▸ **Your assignment**: Set down each of the records below exactly as it reads. No pictures go into the copy.

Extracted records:

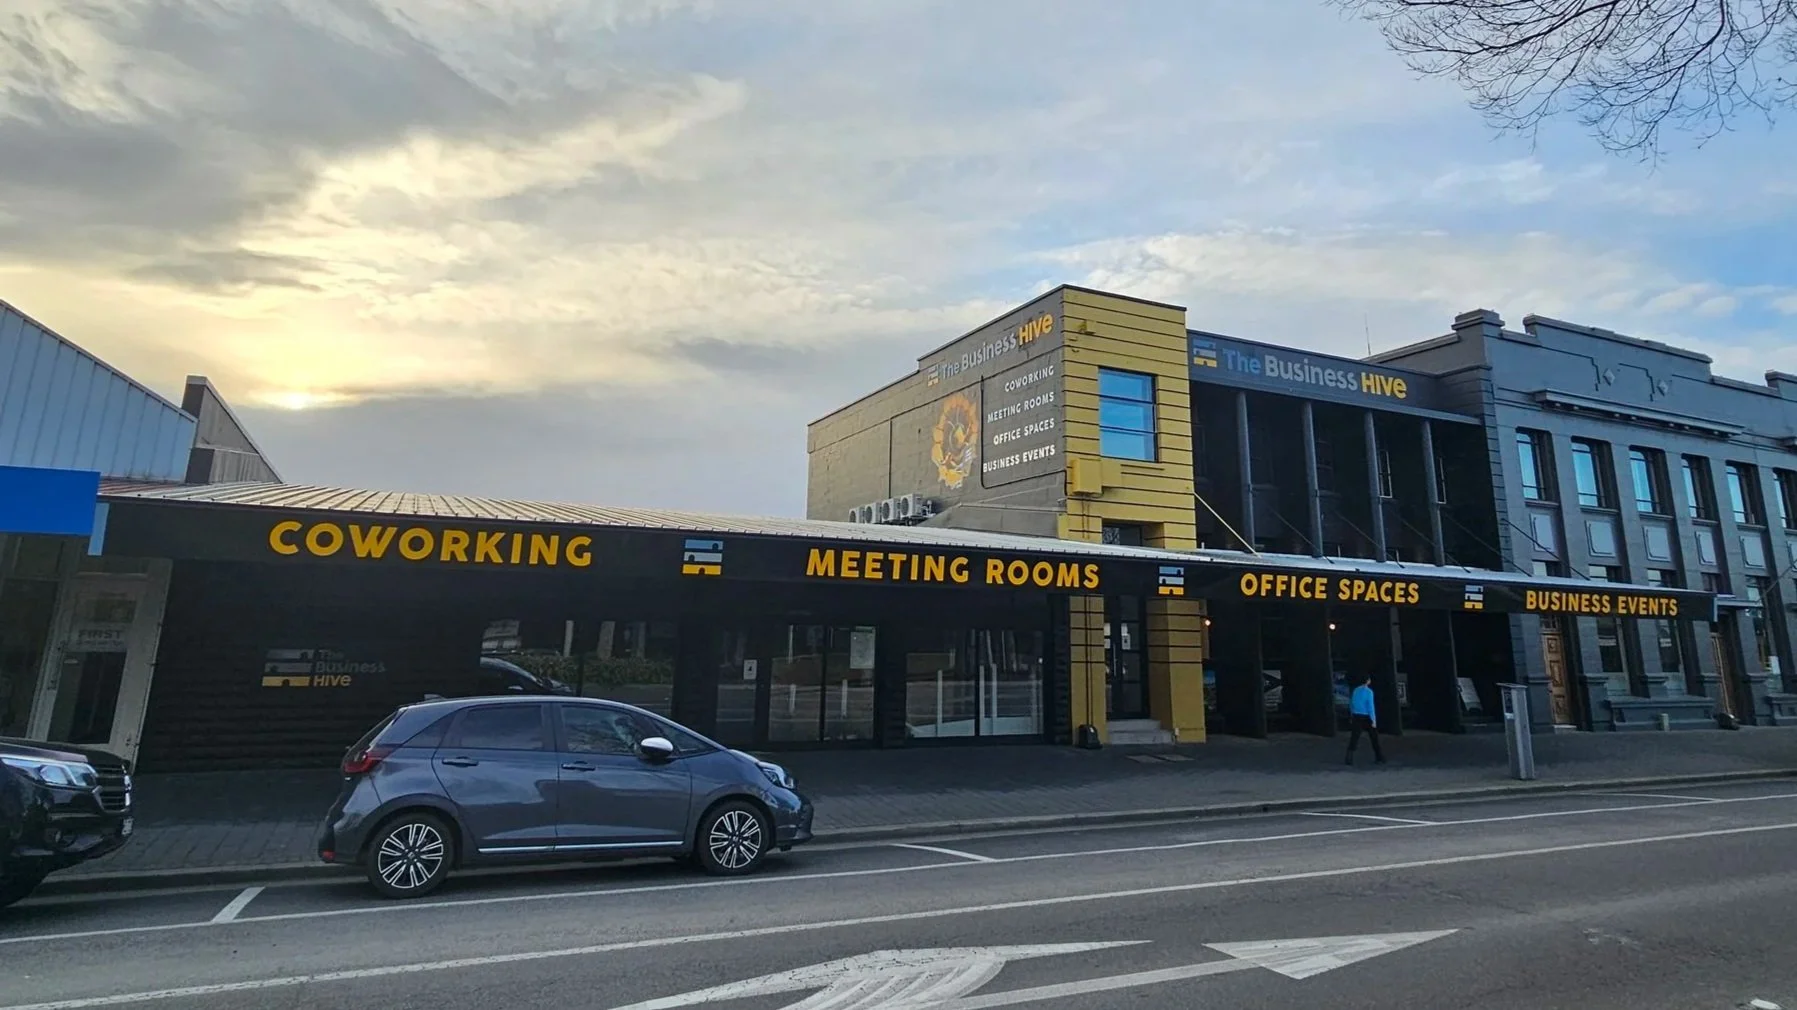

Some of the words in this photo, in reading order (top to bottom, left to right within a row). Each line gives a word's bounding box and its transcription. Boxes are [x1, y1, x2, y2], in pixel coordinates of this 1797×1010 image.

[942, 362, 959, 379] The
[961, 332, 1017, 373] Business
[1222, 348, 1261, 374] The
[1264, 354, 1358, 391] Business
[1004, 365, 1054, 393] COWORKING
[987, 403, 1021, 423] MEETING
[1024, 391, 1055, 411] ROOMS
[993, 428, 1021, 445] OFFICE
[1024, 418, 1055, 436] SPACES
[983, 454, 1020, 473] BUSINESS
[1022, 444, 1056, 463] EVENTS
[269, 520, 593, 567] COWORKING
[806, 547, 969, 583] MEETING
[986, 558, 1100, 589] ROOMS
[1240, 572, 1328, 599] OFFICE
[1339, 578, 1420, 604] SPACES
[1526, 590, 1611, 613] BUSINESS
[1617, 595, 1679, 616] EVENTS
[78, 629, 124, 639] FIRST
[315, 660, 387, 673] Business
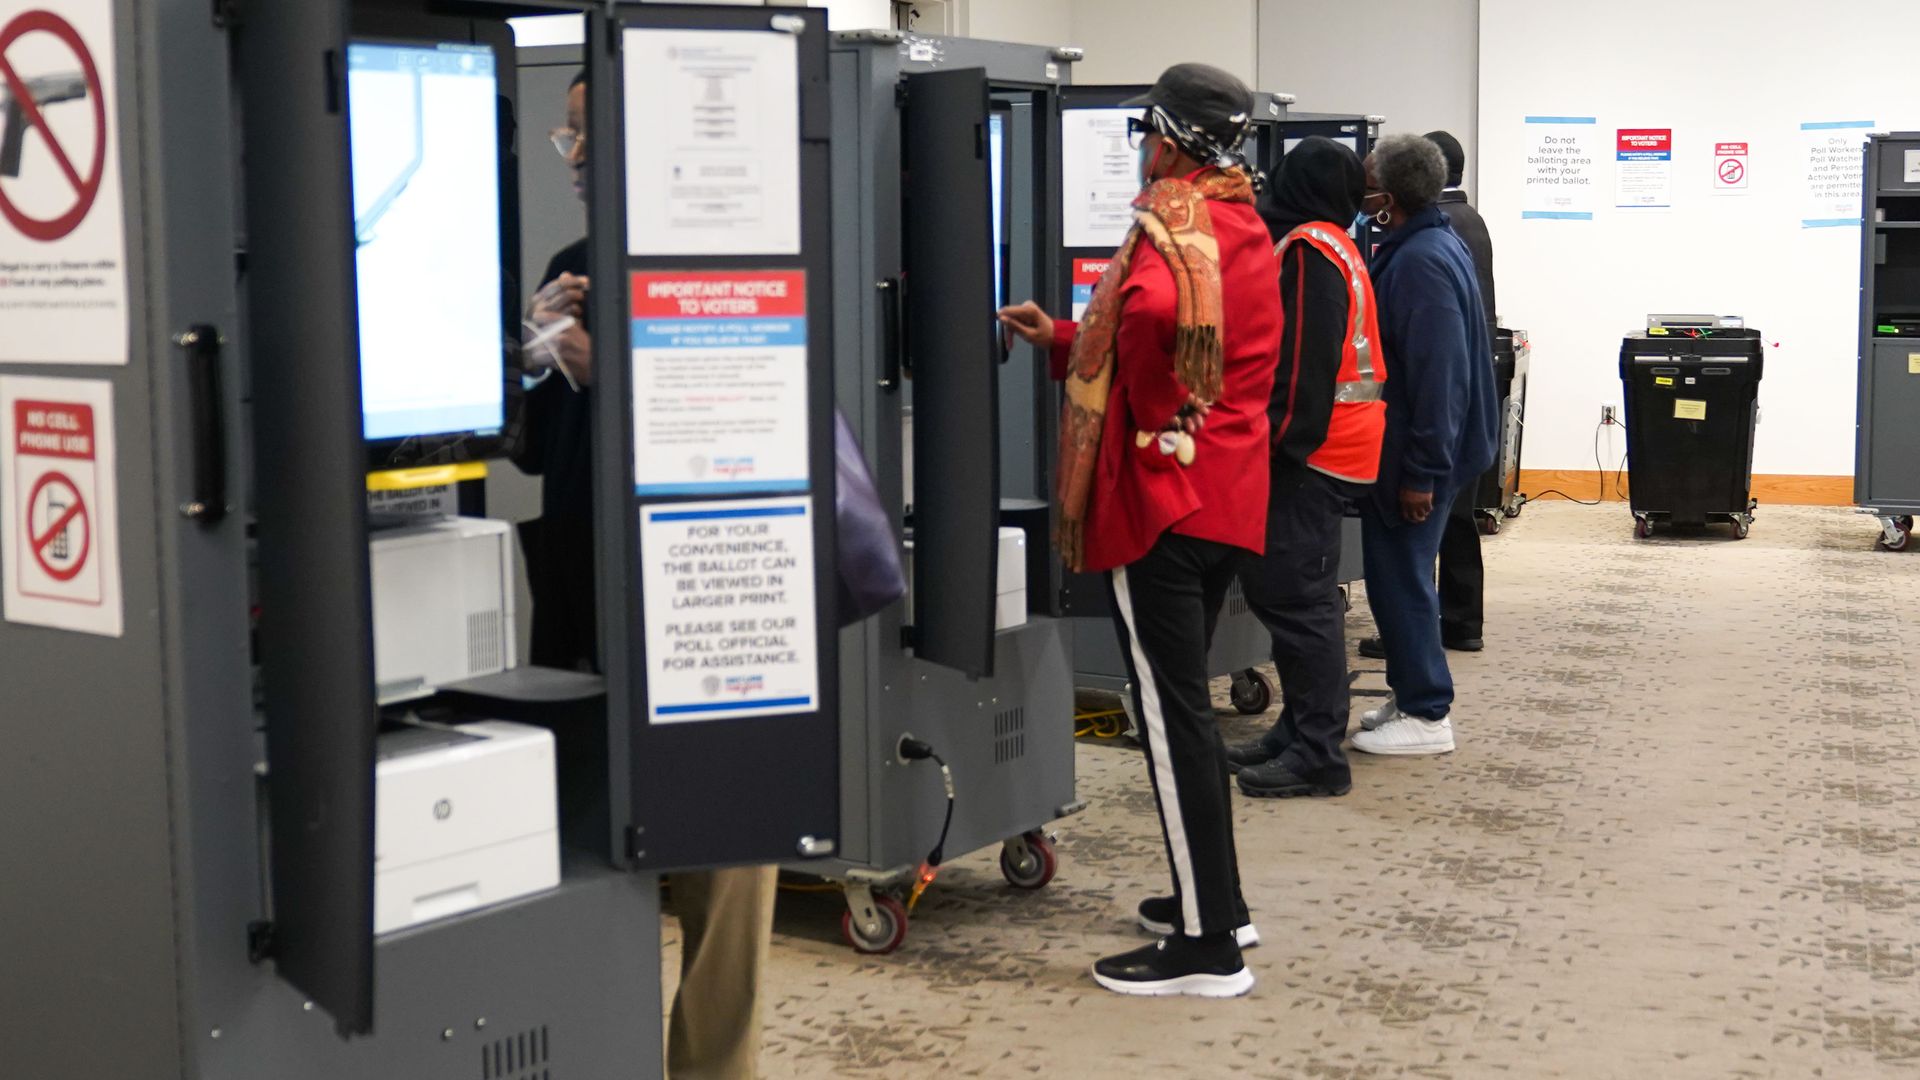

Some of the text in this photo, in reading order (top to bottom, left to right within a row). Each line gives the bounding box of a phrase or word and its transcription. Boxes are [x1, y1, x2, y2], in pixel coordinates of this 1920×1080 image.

[1544, 136, 1558, 144] Do
[1538, 146, 1581, 154] leave the
[1527, 156, 1568, 166] balloting
[1537, 166, 1581, 176] with your
[1808, 173, 1840, 182] Actively
[1526, 176, 1560, 185] printed
[648, 280, 787, 298] IMPORTANT NOTICE
[678, 297, 759, 315] TO VOTERS
[27, 411, 80, 431] NO CELL
[19, 431, 89, 453] PHONE USE
[687, 523, 769, 539] FOR YOUR
[668, 540, 788, 558] CONVENIENCE,
[663, 557, 796, 575] THE BALLOT CAN
[676, 575, 783, 591] BE VIEWED IN
[672, 591, 788, 610] LARGER PRINT.
[665, 617, 796, 636] PLEASE SEE OUR
[673, 636, 788, 653] POLL OFFICIAL
[663, 651, 799, 671] FOR ASSISTANCE.

▸ **Expected answer**:
Some of the words in this photo, in reading order (top to bottom, left to right within a row). Each line gives a word's bounding box and its transcription. Boxes are [x1, y1, x2, y2], in pixel coordinates of this 1797×1010 image.

[942, 362, 959, 379] The
[961, 332, 1017, 373] Business
[1222, 348, 1261, 374] The
[1264, 354, 1358, 391] Business
[1004, 365, 1054, 393] COWORKING
[987, 403, 1021, 423] MEETING
[1024, 391, 1055, 411] ROOMS
[993, 428, 1021, 445] OFFICE
[1024, 418, 1055, 436] SPACES
[983, 454, 1020, 473] BUSINESS
[1022, 444, 1056, 463] EVENTS
[269, 520, 593, 567] COWORKING
[806, 547, 969, 583] MEETING
[986, 558, 1100, 589] ROOMS
[1240, 572, 1328, 599] OFFICE
[1339, 578, 1420, 604] SPACES
[1526, 590, 1611, 613] BUSINESS
[1617, 595, 1679, 616] EVENTS
[78, 629, 124, 639] FIRST
[315, 660, 387, 673] Business

Some of the text in this photo, in reading order (top to bottom, left to right within a row). Each line gives the bounding box of a phrase or word and its transcription. Boxes are [x1, y1, x2, y2], in pixel coordinates of this 1920×1080 image.

[1544, 136, 1558, 144] Do
[1538, 146, 1581, 154] leave the
[1527, 156, 1568, 166] balloting
[1537, 166, 1581, 176] with your
[1808, 173, 1840, 182] Actively
[1526, 176, 1560, 185] printed
[648, 280, 787, 298] IMPORTANT NOTICE
[678, 297, 759, 315] TO VOTERS
[27, 411, 80, 431] NO CELL
[19, 431, 89, 453] PHONE USE
[687, 523, 769, 539] FOR YOUR
[668, 540, 788, 558] CONVENIENCE,
[663, 557, 796, 575] THE BALLOT CAN
[676, 575, 783, 591] BE VIEWED IN
[672, 591, 788, 610] LARGER PRINT.
[665, 617, 796, 636] PLEASE SEE OUR
[673, 636, 788, 653] POLL OFFICIAL
[663, 651, 799, 671] FOR ASSISTANCE.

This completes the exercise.